Many of us wonder why Easter has become such a hodge-podge of traditions ranging from mysterious visits
by Easter rabbits that bring gifts and candy to Easter Parades and the display of Lilies.
The crucifixion, burial and resurrection of Jesus is part of the story, but this also is part of ancient
pagan mythology dating back to Semiramis, wife of Mesopotamian ruler Nimrod who declared herself mother of the reborn god
Marduke. That was the first Jesus story. After Marduke came the Persian sun-god Mithra, the Egyptian solar god Horus, the
Far Eastern god Buddha, and the Indian god Krishna. All of these fellows died, some of them by crucifixion, then rose from
the dead after three days. They promised to return and take all people who believed in them to heaven. Their life stories
parallel the Bible story of Jesus.
It was the Roman emperor Constantine who advanced the cause of Christianity after his conversion from
the Mithraic cult. At the time he came to power, Rome ruled the known world, from Britain to North Africa. Constantine made
Christianity the official religion throughout Europe. From there it spread to the New World when the Europeans settled North
The Americans carried the celebration of Easter to fantastically new and creative levels compared
to anything folks in the old world did.
The mixing of rabbits, colored eggs, candy and the other trappings of the holiday appear to have happened
when the Christian holiday got mixed in with pagan rites of spring, which, when you get right down to it, is what Easter is
really all about.
For example, in the Western culture, Easter falls on the first Sunday following the full moon on or
after the spring equinox on March 21. Thus Easter can occur as early as March 22 or as late as April 25. It may never fall
on the real date that Jesus died. That he rose from the dead is a myth that is yet to be proven. The Jewish Passover is associated
with the mix, since the Bible story maintains the crucifixion occurred during the time of this religious event as well.
The spring celebrations once honored the pagan goddess Eostre, also known as Ishtar and Oestre. She
was the goddess of spring and fertility.
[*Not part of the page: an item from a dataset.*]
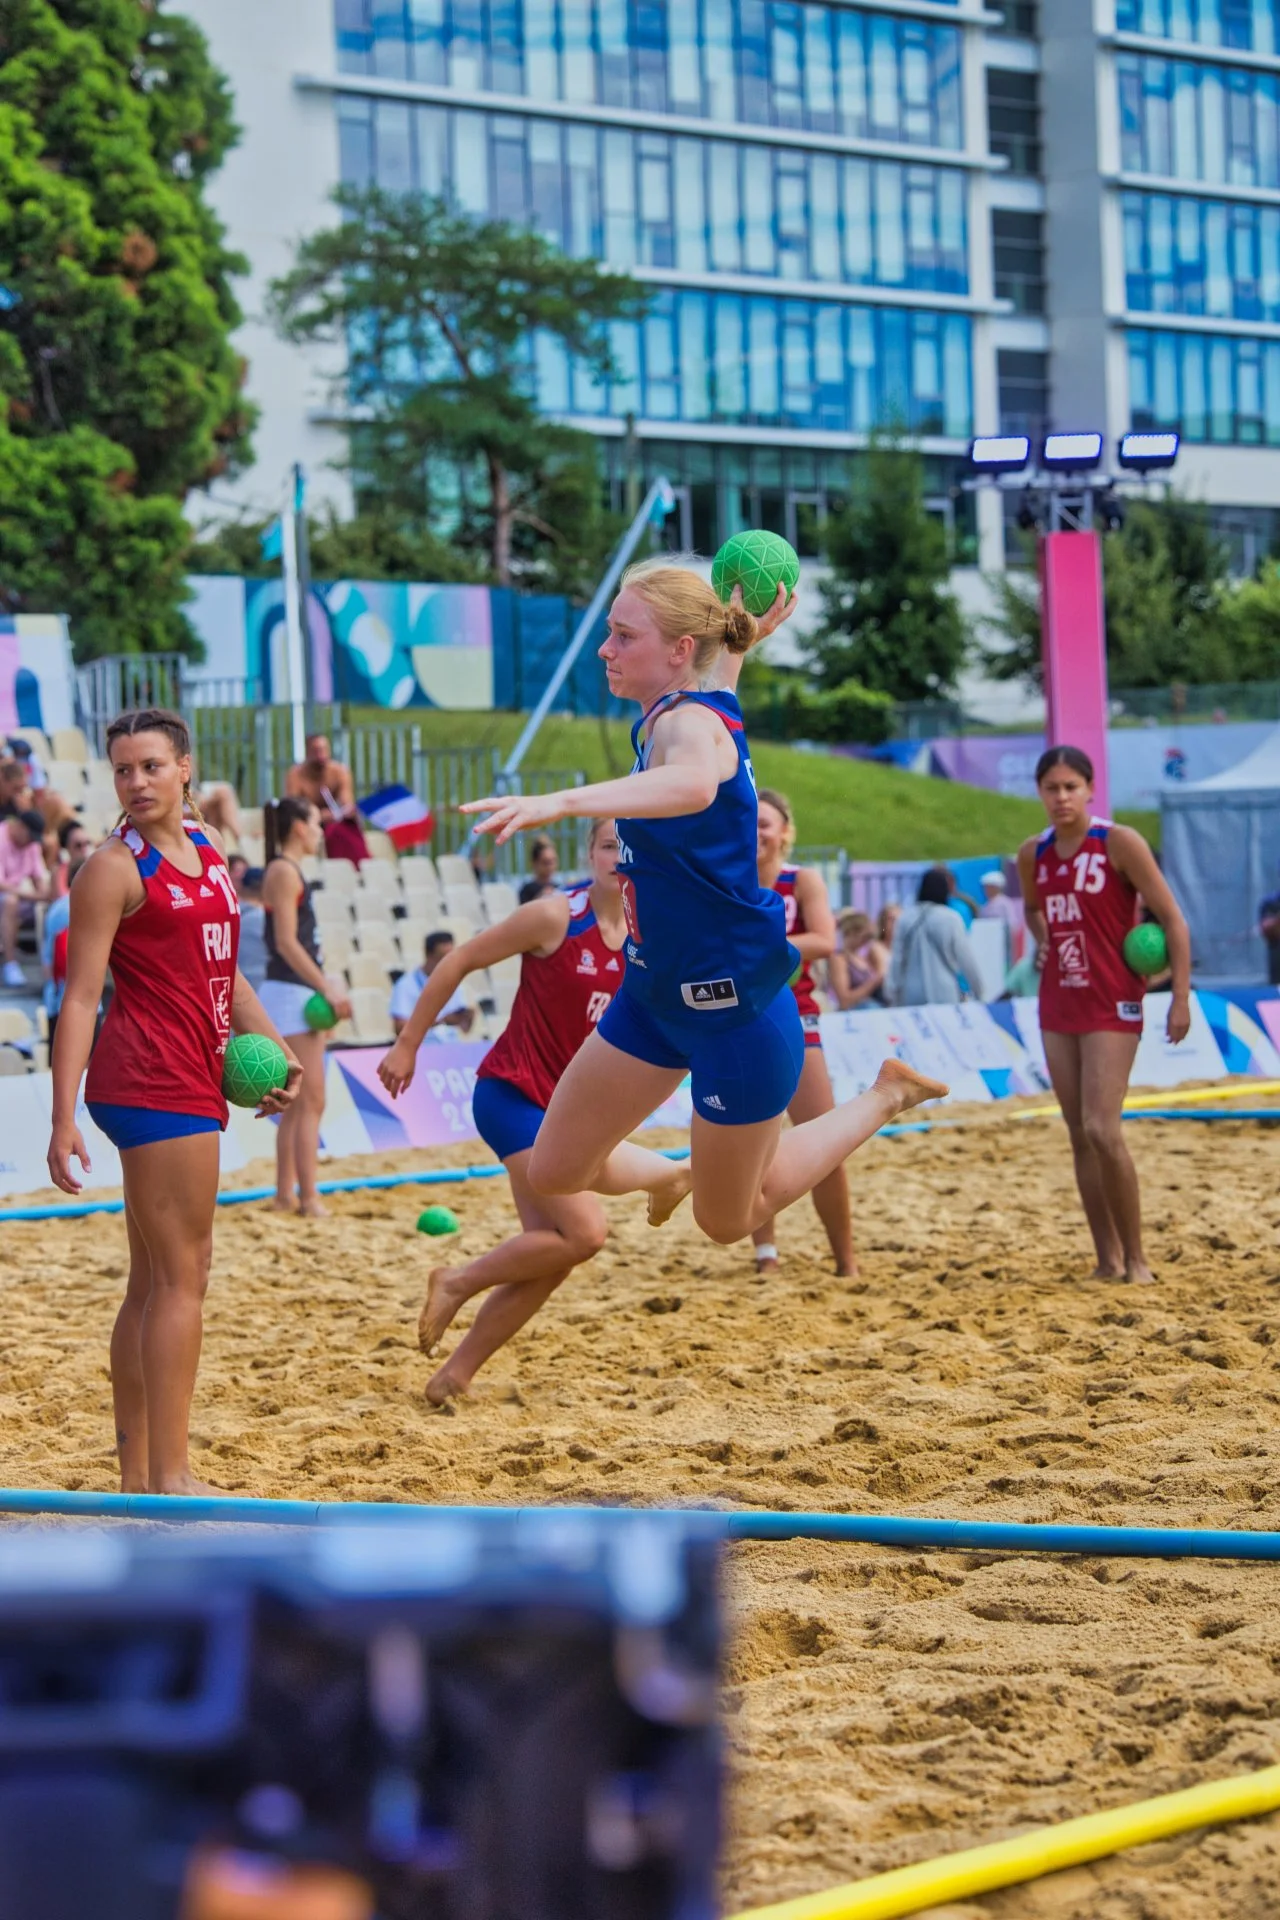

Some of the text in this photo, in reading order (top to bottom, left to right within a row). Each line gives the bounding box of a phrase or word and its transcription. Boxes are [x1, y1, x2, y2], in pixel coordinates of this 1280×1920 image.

[1073, 852, 1106, 894] 15
[1046, 893, 1082, 922] FRA
[202, 921, 232, 961] FRA
Thus the decorating of eggs, showing of blooming flowers and newborn animals like
baby chickens all are symbols of newness and rebirth. The rabbit, known for its ability to reproduce its numbers quickly,
also became a symbol for the fertility of the season.
It is all about sex and the planting of crops for a new season. Notice too, that the very name of
the goddess Eostre, Ishtar or Oestre has evolved to the word Easter. The celebration, if you want to participate, is to her,
not to Jesus. It has been so for thousands of years.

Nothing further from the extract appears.